Data supplied |
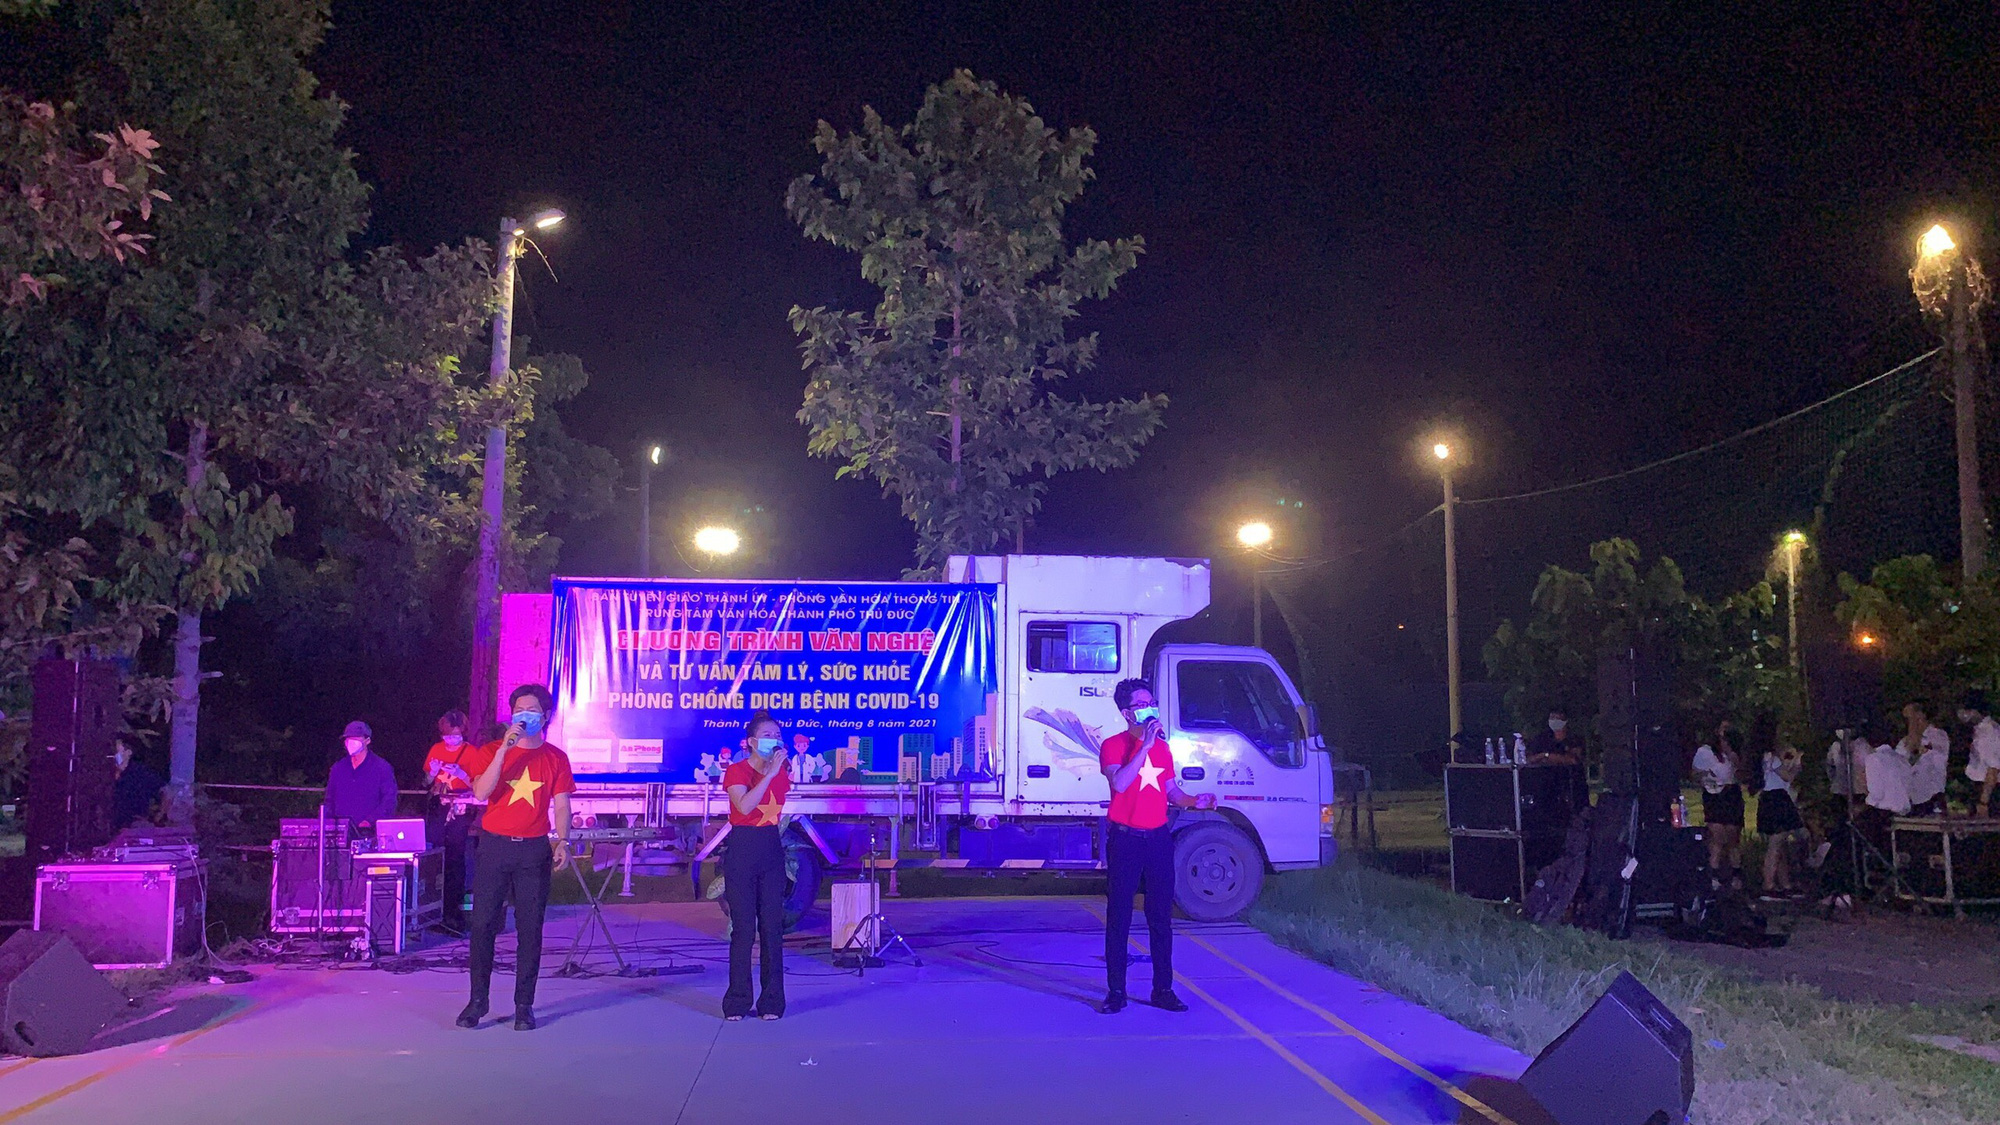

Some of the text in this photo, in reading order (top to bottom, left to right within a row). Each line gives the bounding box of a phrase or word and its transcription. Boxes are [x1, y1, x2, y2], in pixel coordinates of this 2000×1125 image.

[779, 592, 826, 604] PHÒNG
[830, 592, 857, 604] VĂN
[894, 593, 938, 604] THÔNG
[686, 607, 713, 619] TÂM
[717, 607, 745, 619] VĂN
[748, 607, 777, 619] HÓA
[828, 606, 856, 620] PHỐ
[859, 607, 883, 620] THỦ
[886, 607, 915, 620] ĐỨC
[727, 627, 804, 652] TRÌNH
[808, 627, 861, 652] VĂN
[866, 627, 936, 656] NGHỆ
[639, 660, 663, 680] VÀ
[669, 662, 695, 681] TƯ
[742, 661, 782, 681] TÂM
[787, 661, 814, 683] LÝ,
[820, 661, 858, 681] SỨC
[863, 659, 911, 681] KHỎE
[1079, 686, 1113, 697] ISU
[608, 688, 673, 709] PHÒNG
[679, 686, 745, 710] CHỐNG
[800, 689, 850, 713] BỆNH
[855, 692, 940, 710] COVID-19
[703, 719, 740, 728] Thành
[776, 718, 792, 728] hủ
[796, 718, 824, 729] Đức,
[828, 718, 864, 730] tháng
[867, 719, 875, 728] 8
[878, 718, 905, 728] năm
[908, 719, 937, 728] 2021

How to complete this task | Keep the pictures out of the copy and write out the data exactly as it stands.

Your response |
Some of the text in this photo, in reading order (top to bottom, left to right within a row). Each line gives the bounding box of a phrase or word and its transcription. Boxes are [x1, y1, x2, y2], in pixel coordinates of this 2000×1125 image.

[779, 592, 826, 604] PHÒNG
[830, 592, 857, 604] VĂN
[894, 593, 938, 604] THÔNG
[686, 607, 713, 619] TÂM
[717, 607, 745, 619] VĂN
[748, 607, 777, 619] HÓA
[828, 606, 856, 620] PHỐ
[859, 607, 883, 620] THỦ
[886, 607, 915, 620] ĐỨC
[727, 627, 804, 652] TRÌNH
[808, 627, 861, 652] VĂN
[866, 627, 936, 656] NGHỆ
[639, 660, 663, 680] VÀ
[669, 662, 695, 681] TƯ
[742, 661, 782, 681] TÂM
[787, 661, 814, 683] LÝ,
[820, 661, 858, 681] SỨC
[863, 659, 911, 681] KHỎE
[1079, 686, 1113, 697] ISU
[608, 688, 673, 709] PHÒNG
[679, 686, 745, 710] CHỐNG
[800, 689, 850, 713] BỆNH
[855, 692, 940, 710] COVID-19
[703, 719, 740, 728] Thành
[776, 718, 792, 728] hủ
[796, 718, 824, 729] Đức,
[828, 718, 864, 730] tháng
[867, 719, 875, 728] 8
[878, 718, 905, 728] năm
[908, 719, 937, 728] 2021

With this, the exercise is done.